[Text-to-region grounding data]
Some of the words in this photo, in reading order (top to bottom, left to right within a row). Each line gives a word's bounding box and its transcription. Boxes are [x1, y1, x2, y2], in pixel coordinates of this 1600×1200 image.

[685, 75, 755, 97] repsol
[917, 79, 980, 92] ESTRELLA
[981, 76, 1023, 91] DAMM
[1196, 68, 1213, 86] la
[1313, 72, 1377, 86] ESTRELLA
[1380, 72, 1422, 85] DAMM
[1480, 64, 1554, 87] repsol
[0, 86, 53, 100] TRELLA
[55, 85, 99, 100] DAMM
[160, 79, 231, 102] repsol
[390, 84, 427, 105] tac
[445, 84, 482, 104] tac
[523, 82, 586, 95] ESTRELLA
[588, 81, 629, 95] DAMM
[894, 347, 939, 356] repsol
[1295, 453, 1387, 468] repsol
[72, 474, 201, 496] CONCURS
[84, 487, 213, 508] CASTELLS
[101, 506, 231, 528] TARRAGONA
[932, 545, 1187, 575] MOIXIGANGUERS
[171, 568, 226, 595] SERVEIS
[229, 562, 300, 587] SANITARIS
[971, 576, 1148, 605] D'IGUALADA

* _Work request_
All entries must be repeated exactly.

* _Answer for the task_
Some of the words in this photo, in reading order (top to bottom, left to right within a row). Each line gives a word's bounding box and its transcription. Boxes are [x1, y1, x2, y2], in pixel coordinates of this 1600×1200 image.

[685, 75, 755, 97] repsol
[917, 79, 980, 92] ESTRELLA
[981, 76, 1023, 91] DAMM
[1196, 68, 1213, 86] la
[1313, 72, 1377, 86] ESTRELLA
[1380, 72, 1422, 85] DAMM
[1480, 64, 1554, 87] repsol
[0, 86, 53, 100] TRELLA
[55, 85, 99, 100] DAMM
[160, 79, 231, 102] repsol
[390, 84, 427, 105] tac
[445, 84, 482, 104] tac
[523, 82, 586, 95] ESTRELLA
[588, 81, 629, 95] DAMM
[894, 347, 939, 356] repsol
[1295, 453, 1387, 468] repsol
[72, 474, 201, 496] CONCURS
[84, 487, 213, 508] CASTELLS
[101, 506, 231, 528] TARRAGONA
[932, 545, 1187, 575] MOIXIGANGUERS
[171, 568, 226, 595] SERVEIS
[229, 562, 300, 587] SANITARIS
[971, 576, 1148, 605] D'IGUALADA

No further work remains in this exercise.